The common adverse events associated with clozapine overdose are hypersalivation, tachycardia, hypotension, sedation, delirium, coma, respiratory depression, or failure. There are few reports of cardiac arrhythmias, aspiration pneumonia, and seizure. Fatality is reported at doses above 2500 mg; however, some patients recovered after ingesting 4000 mg of clozapine.


There is a lack of a specific antidote to an overdose of clozapine. Monitor and maintain an airway, ventilation, cardiac status, and vital signs, and provide symptomatic and supportive measures. Consider the possibility of multiple-drug overdose and contact the Poison Control Center to report and get information on additional management (1-800-222-1222).

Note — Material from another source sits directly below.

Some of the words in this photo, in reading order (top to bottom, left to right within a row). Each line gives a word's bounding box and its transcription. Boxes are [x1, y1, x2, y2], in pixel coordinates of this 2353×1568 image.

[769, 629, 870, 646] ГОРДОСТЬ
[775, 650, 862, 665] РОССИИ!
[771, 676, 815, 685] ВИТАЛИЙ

Enhancing Healthcare Team Outcomes

Clozapine, due to its many lethal adverse reactions, has become a drug that many clinicians are afraid to prescribe due to fear of patient safety. Psychiatrists prescribe clozapine in supervised settings to patients with a risk of suicide. Nursing staff should monitor the patients for compliance. Pharmacists should perform thorough medication reconciliation and report adverse effects to clinicians. One of the most significant concerns for clozapine is the adverse effect of agranulocytosis, which requires cessation of therapy and hematology consultation. Serious infection resulting from agranulocytosis may require infectious disease consultation. Cardiologist input is crucial for myocarditis. Clozapine poisoning requires rapid stabilization by the critical care team and consultation medical toxicologist.

The FDA has mandated a national registry to monitor weekly white blood cell count levels for anyone prescribed clozapine. There are many limitations to clozapine use, described in a systematic review looking at barriers to its use. Barriers described in the study are the patient, the clinician, and health-system-related barriers. Patient barriers encompass noncompliance with weekly blood draws, intolerance to clozapine adverse effects, and the management complexities associated with multiple prescribed drugs.

From the clinician's standpoint, barriers encompass inadequate experience and knowledge in prescribing clozapine, fear of side effects, non-adherence to guidelines, the necessity for intense monitoring, and perceptions of patient non-compliance; systemic issues involve insufficient resources like staffing and nurses, a shortage of beds, and service fragmentation. Addressing these challenges requires the implementation of point-of-care devices, educational interventions for both clinicians and patients, and shared decision-making, with the effectiveness of these solutions necessitating evaluation through controlled study designs.[34] A collaborative healthcare team comprising clinicians, including psychiatric specialists and pharmacists, employing open communication, shared patient data, and collaborative treatment strategies, has the potential to enhance therapeutic efficacy and optimize treatment outcomes associated with clozapine therapy.